Both impaired nicotinic neurotransmission and the inheritance of apoE4 are associated with increased risk for Alzheimer disease (AD) as well as other deficiencies in memory-related behavior. Long-term potentiation (LTP), a cellular model of memory, is known to be altered by nicotinic agents. Recent studies also support an emergent role for apoE in LTP. We compared the effects of mecamylamine, a nonspecific antagonist of nicotinic acetylcholine receptors (nAChRs), on basal synaptic transmission and LTP in hippocampal slices from wild-type (wt) mice and targeted replacement mice expressing human apoE4 (apoE4-TR).

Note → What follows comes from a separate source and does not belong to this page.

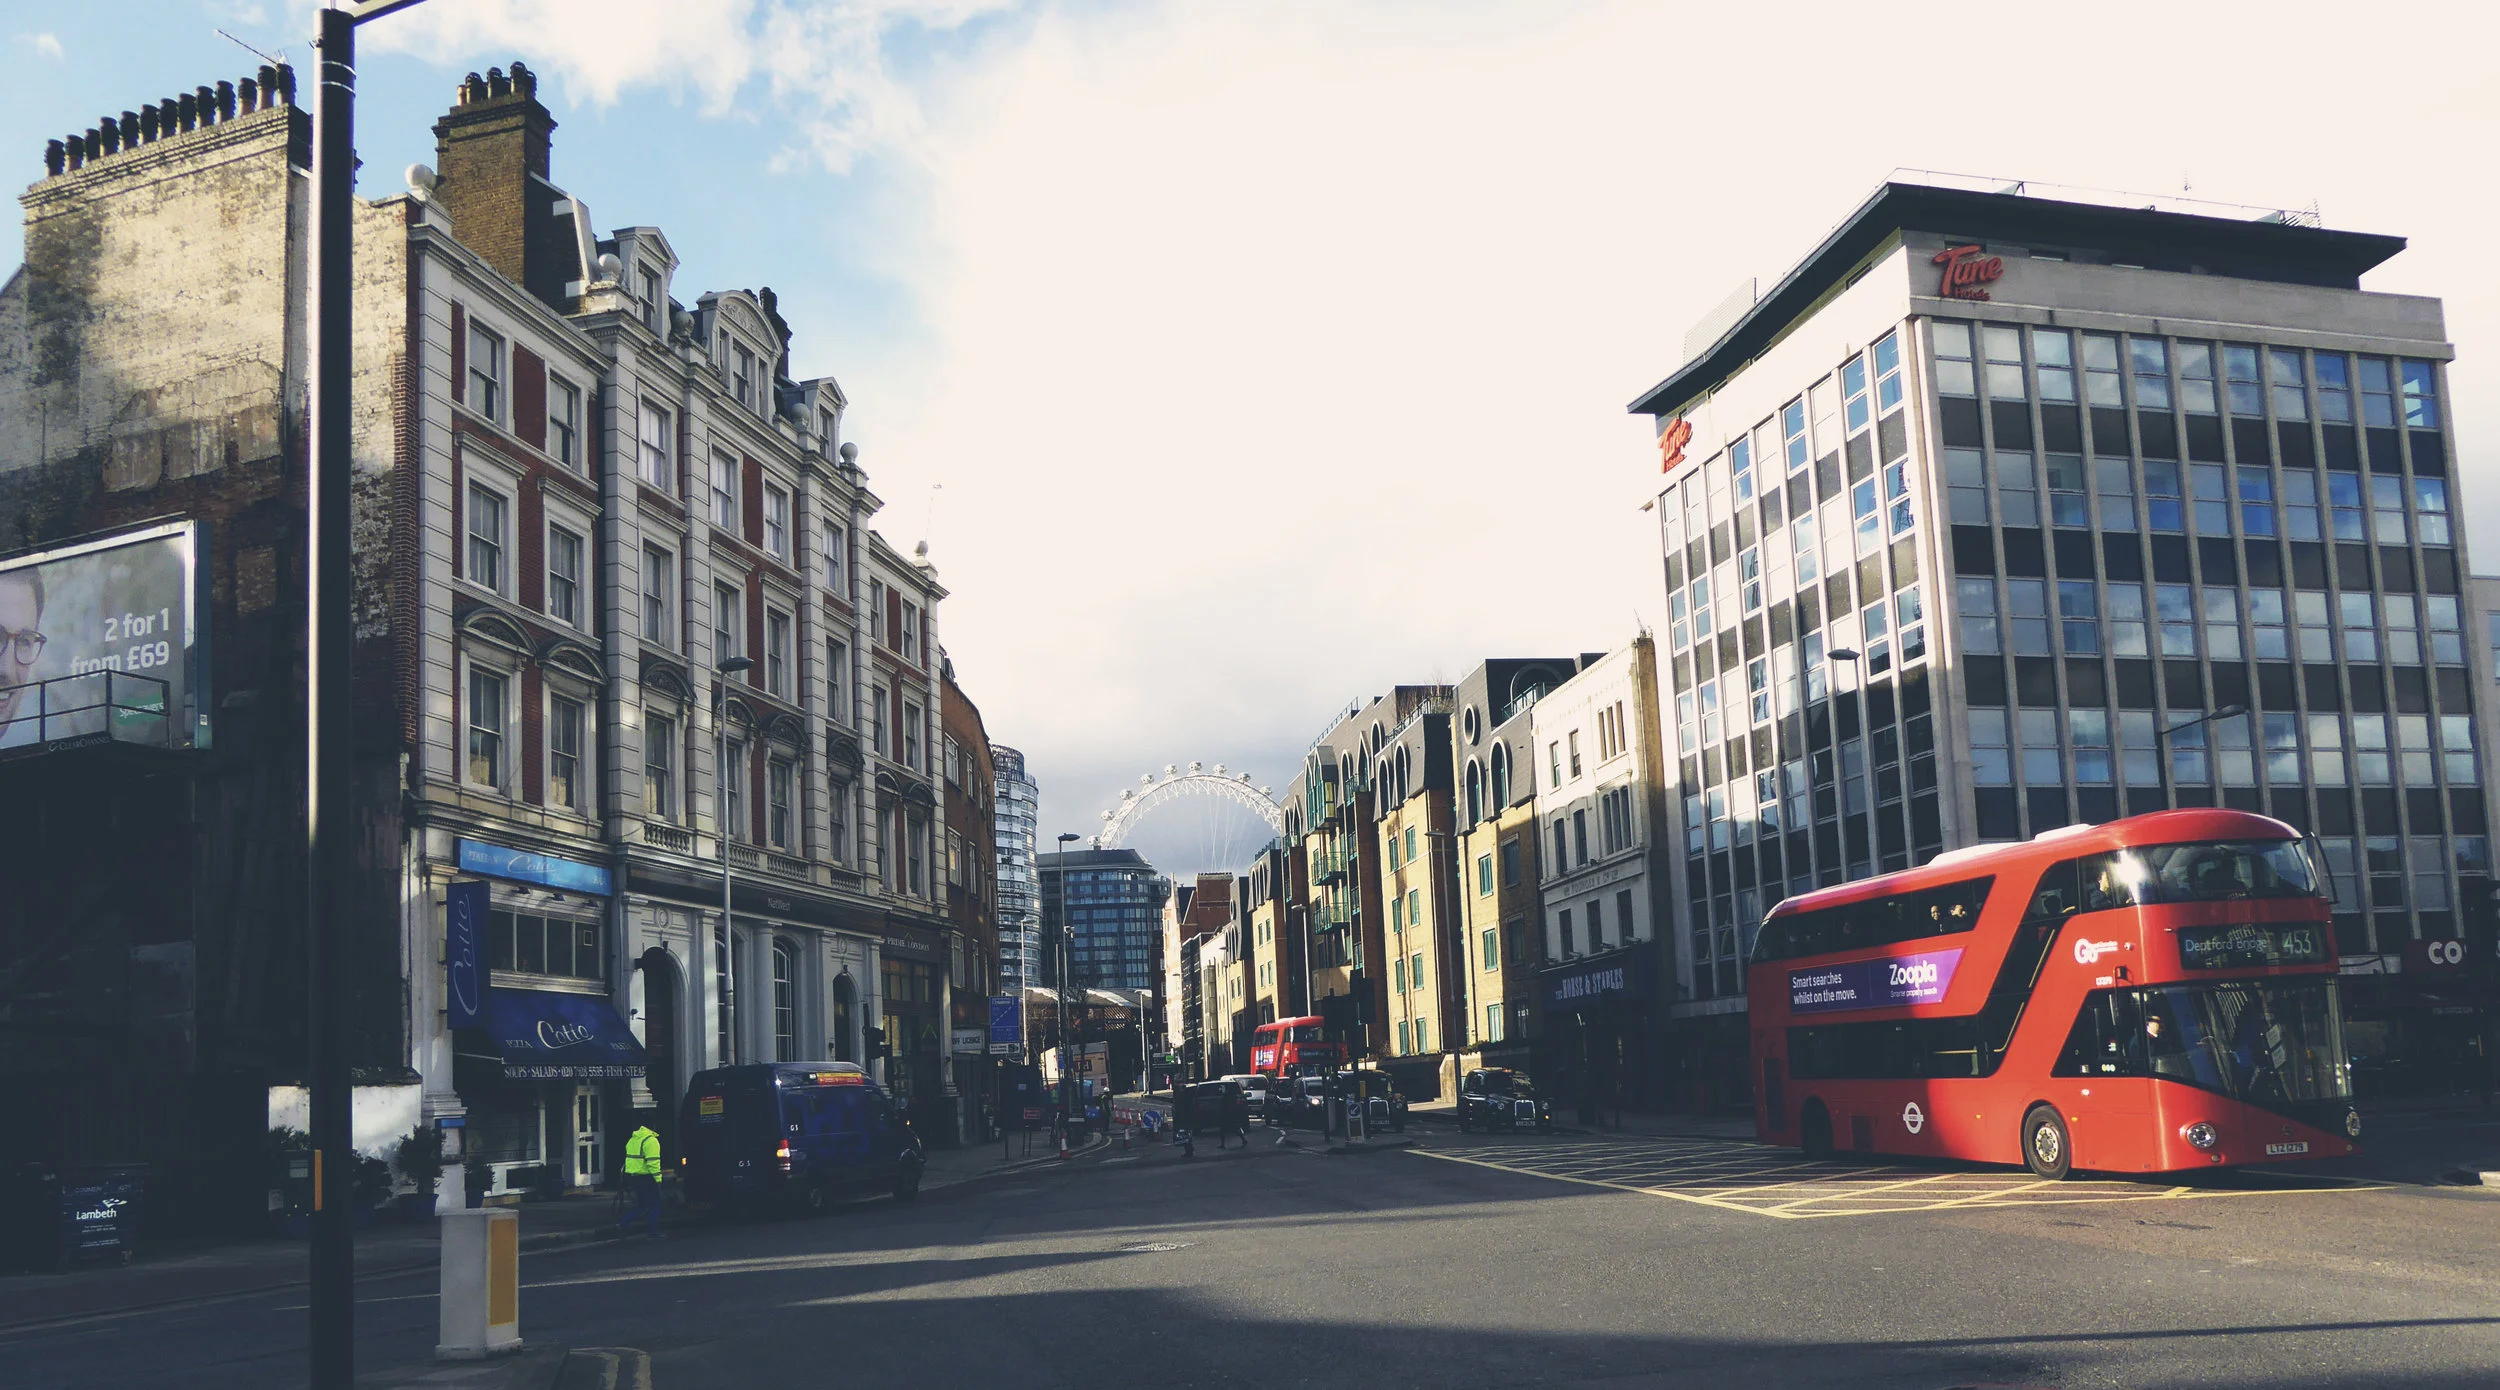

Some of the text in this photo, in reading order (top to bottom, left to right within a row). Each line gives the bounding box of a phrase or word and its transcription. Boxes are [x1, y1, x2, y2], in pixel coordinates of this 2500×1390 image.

Field excitatory postsynaptic potentials (EPSPs) were recorded in the dentate gyrus (DG) in response to medial perforant path activation, and theta burst stimulation was used to induce LTP. Bath application of mecamylamine (3 microM) did not alter input-output relationships or paired pulse depression in either mouse strain. Under control conditions, apoE4-TR mice showed significantly less LTP than wt mice (17.5% +/- 3.2%, n = 9, vs. 30.1% +/- 3.9%, n = 11, P < 0.02). Mecamylamine reduced LTP in wt mice to a level that was similar to control levels for apoE4-TR mice (15.7% +/- 3.4%, n = 9), whereas apoE4-TR showed no further reduction of LTP (16.6% +/- 3.7%, n = 8) by mecamylamine. Thus mice expressing human apoE4 differ from wt mice both in their capacity for LTP and in the effect on LTP of nicotinic cholinergic blockade. It is possible that nicotinic neurotransmission is already compromised in apoE4-TR mice and, hence, that interference with the integrity of this cholinergic system represents a mechanism by which inheritance of the apoE4 allele contributes to cognitive risk.